Former KGB analyst and Russian academic Igor Panarin recently predicted that the US will be engulfed in a civil war which will eventually lead to the fall of the country. Panarin believes that mass immigration, economic decline, and moral degradation will trigger a civil war in the United States as early as the autumn of 2009.
There is no news how he feels about the social unrest in Russia over falling oil prices over the last 6 months. Or over the economic turmoil in Europe. Spain suffered a credit rating downgrade by Standard & Poor’s. Last week the agency cut Greece’s rating and has Portugal and Ireland under review. “The move by S&P to cut its rating to “AA+” from “AAA,” a level Greece had held since late 2004, sent the euro to a session low against the dollar as investors feared other euro zone economies could suffer the same fate.”
Speaking of the news from Greece over the past 30 days, with the ongoing downturn in economic news, there will be international repercussions to any true economic upheaval. Look at how the Russians in January have tried to use their power over its neighbors on the flow of natural gas and the price of that natural gas. Was that in response to the falling price of oil?
From the Phoneix BizJournals:
December 17, 2008…..International Monetary Fund Managing Director Dominique Strauss-Kahn warned Wednesday of economy-related riots and unrest in various global markets if the financial crisis is not addressed and lower-income households are hurt by credit constraints and rising unemployment.
U.S. Sen. James Inhofe, R-Okla., and U.S. Rep. Brad Sherman, D-Calif., both said U.S. Treasury Secretary Henry Paulson brought up a worst-case scenario as he pushed for the Wall Street bailout in September. Paulson, former Goldman Sachs CEO, said that might even require a declaration of martial law, the two noted.
Pointing to a 1994 U.S. Defense Department Directive (DODD 3025) he says allows military commanders to take emergency actions in domestic situations to save lives, prevent suffering or mitigate great property damage.
In another December 2008 new story, in a report by the U S Army War College, Known Unknowns: Unconventional ‘Strategic Shocks’ in Defense Strategy Development,” Nathan Freier, a retired army lieutenant colonel who is a professor at the college, talks about the possibility of Pentagon resources and troops being used should the economic crisis lead to civil unrest, such as protests against businesses and government or runs on beleaguered banks. “Widespread civil violence inside the United States would force the defense establishment to reorient priorities in extremis to defend basic domestic order and human security,” said the report. The study says economic collapse, terrorism and loss of legal order are among possible domestic shocks that might require military action within the U.S. The 44-page document written by Freier, a professor at the college, is solely a reflection. But he argues that “unforeseen economic collapse, loss of functioning political and legal order, purposeful domestic resistance or insurgency, pervasive public health emergencies, and catastrophic natural and human disasters,” could be the potential aftermath of a sclerotic economy. The Clinton administration set up the Joint Task Force-Civil Support in October 1999 as a “homeland defense command.” In 2002 the Pentagon established the U.S. Northern Command, charged with carrying out military operations within the United States. Prior to this, under the Posse Comitatus Act of 1878, the U.S. armed forces had been barred from domestic operations, except in specific, limited circumstances. Pentagon officials are now projecting some 20,000 active-duty U.S. troops to be stationed in the United States by 2011.
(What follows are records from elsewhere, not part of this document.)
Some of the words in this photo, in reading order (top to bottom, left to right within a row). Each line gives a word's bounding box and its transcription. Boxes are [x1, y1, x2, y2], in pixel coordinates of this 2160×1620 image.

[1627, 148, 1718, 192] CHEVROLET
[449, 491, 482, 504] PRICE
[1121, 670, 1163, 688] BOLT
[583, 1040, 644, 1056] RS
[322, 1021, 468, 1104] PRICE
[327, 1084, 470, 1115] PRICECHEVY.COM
From Todd Harrison (Marketwatch):
“Our current course has ominous ramifications for the dollar. As the greenback is the world reserve currency, those implications extend throughout the global landscape. A currency holds a nation together and the economy — perhaps society at large — assumes more, not less, risk as a function of the path of our attempted fix.
“Structural: As the equilibrium between asset classes remains elusive, the single greatest risk remains a seismic shift in currency markets. Therein lay perhaps the most profound path of maximum frustration, one that punishes the savers who proactively prepared for the current crisis. While negative sentiment creates fertile ground for bear-market rallies, aggregate risk appetites contract and voluntary and involuntary thrift collide. This continues to manifest despite efforts by government officials to induce borrowing rather than allowing for the painful, yet necessary, debt destruction required for a more stable economic foundation. Social mood and risk appetites will determine our financial fate and, by extension, the way we live our lives. That proved positive during the era of conspicuous consumption but is troublesome as we edge through the age of austerity.”